10. Alterations of construction

a) We reserve the right to make alterations and improvements in construction and execution, with regards to latest experiences. 

11. Models and production facilities

a) Insofar as we manufacture or procure designs or manufacturing facilities at the purchaser’s request, the purchaser shall reimburse us for any costs thereby incurred. If costs are not charged in full, the purchaser shall also bear the residual costs if he does not take delivery of such number of items as promised by him upon conclusion of the contract. Any models and manufacturing equipment made or procured by us remain our property. They will be used exclusively for goods delivered to the purchaser during the term of contract. If 3 years have passed since the last delivery, we are no longer obliged to continue to store the equipment. If, in derogation of the above, the contracting parties agreed that the purchaser would become owner of the facilities, title shall pass to him upon payment of the purchase price. The handover of the facility is being substituted by our duty to preserve records. The storage relationship may be terminated by the purchaser at the earliest 2 years after the title transfer, unless other agreements have been made.

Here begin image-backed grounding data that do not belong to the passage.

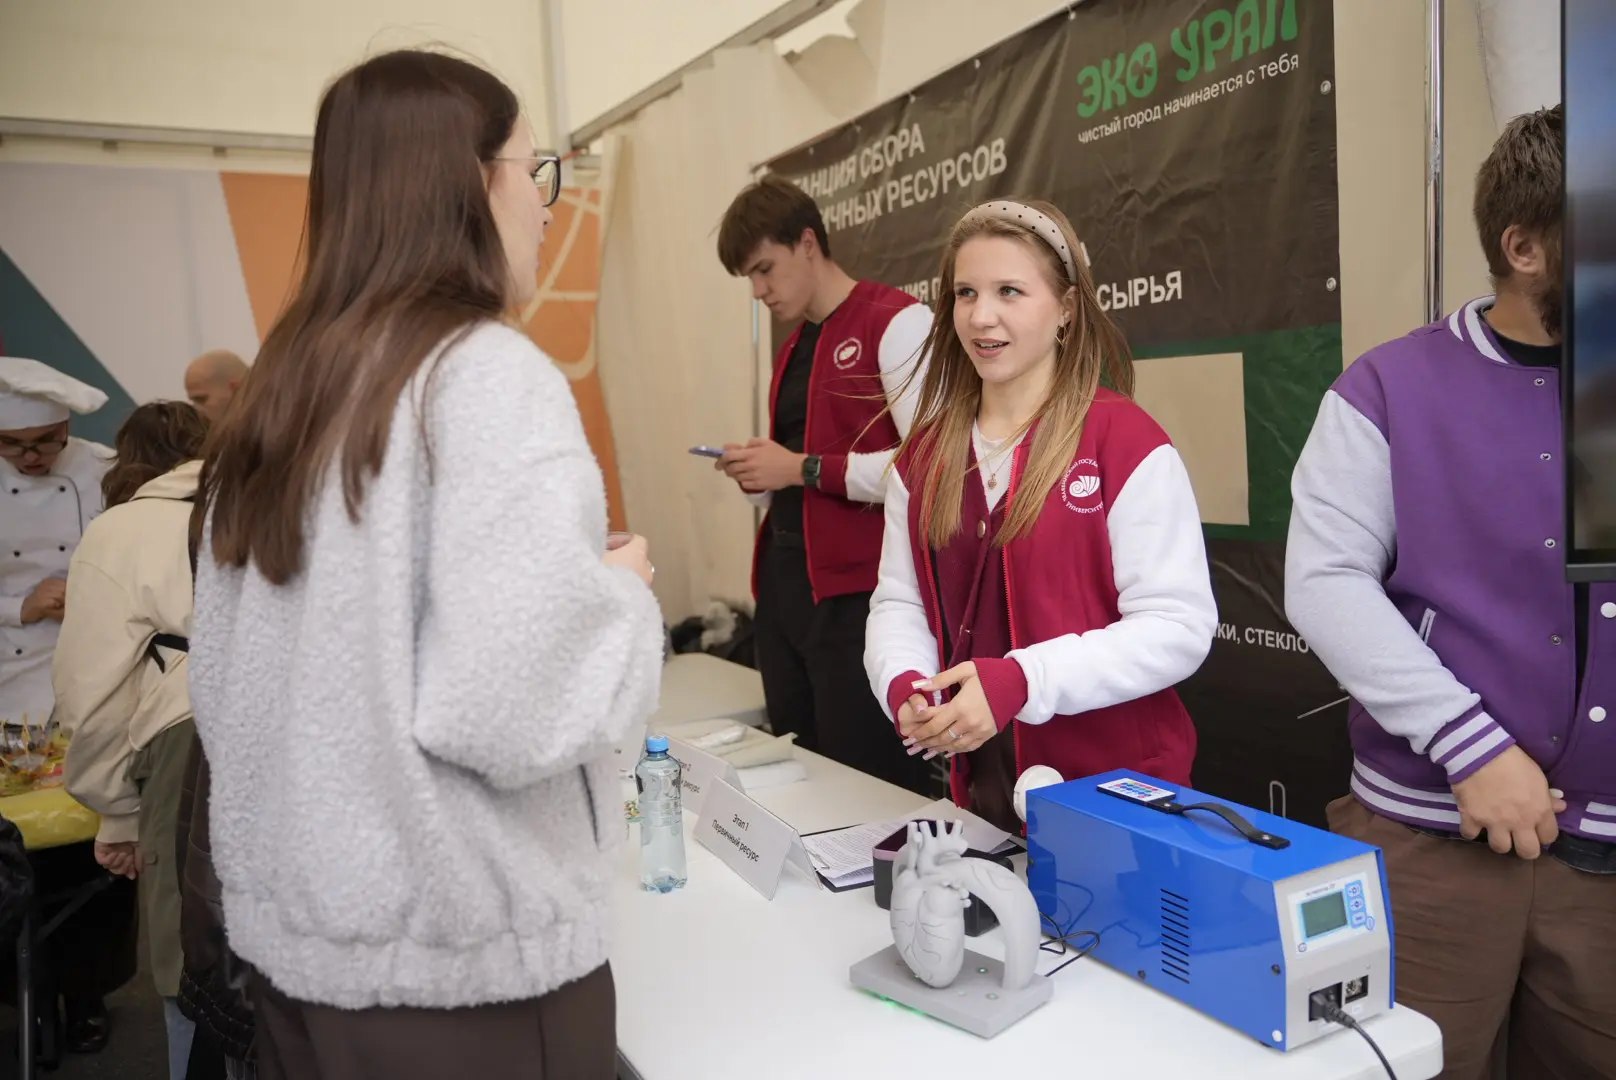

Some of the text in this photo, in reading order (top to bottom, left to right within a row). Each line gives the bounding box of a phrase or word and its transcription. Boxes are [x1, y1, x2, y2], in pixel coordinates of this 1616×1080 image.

[1076, 0, 1298, 118] ЭКО УРАЛ
[1078, 53, 1299, 144] чистый город начинается с тебя
[859, 123, 925, 179] СБОРА
[886, 137, 1008, 213] РЕСУРСОВ
[1096, 270, 1183, 312] СЫРЬЯ
[1213, 622, 1309, 653] КИ, СТЕКЛО
[712, 819, 759, 862] Первичный ресурс
[732, 814, 749, 831] Этап 1

b) All models and manufacturing equipment are handled by us with the care which we apply in our own dealings. Upon request by the purchaser, we are obliged to insure the models and equipment provided by the purchaser at the latter’s expense. Claim to substitutions for consequential damages are excluded under number 5 lit. d) and number 6 of our general terms and conditions.

c) If deliveries are made on the basis of drawings or other information of the purchaser and if, as a result, protected privileges of third parties are violated by this, the purchaser shall indemnify us against all claims of third parties. 

12. Collection and repair

a) If goods, which are property of the purchaser, are undertaken by us for repair or other treatments, the purchaser is obliged to come for these goods the latest 6 months after the takeover. After the expiry of the mentioned period we are entitled to use the goods otherwise and to offset the proceeds of sale with storage costs and an accrued utilization effort. 

13. Place of fulfillment and legal domicile, applicable law

a) Legal domicile is our corporate headquarters; this applies for liabilities on bills and checks as well. Nevertheless, we are entitled to sue the purchaser at his legal domicile as well.

b) In case of default of payment, the purchaser is obliged to pay all full accrued dunning costs and collection expenses, as well as miscellaneous pre-trial costs.

c) The contractual relationship is exclusively subjected to the right of Austrian law.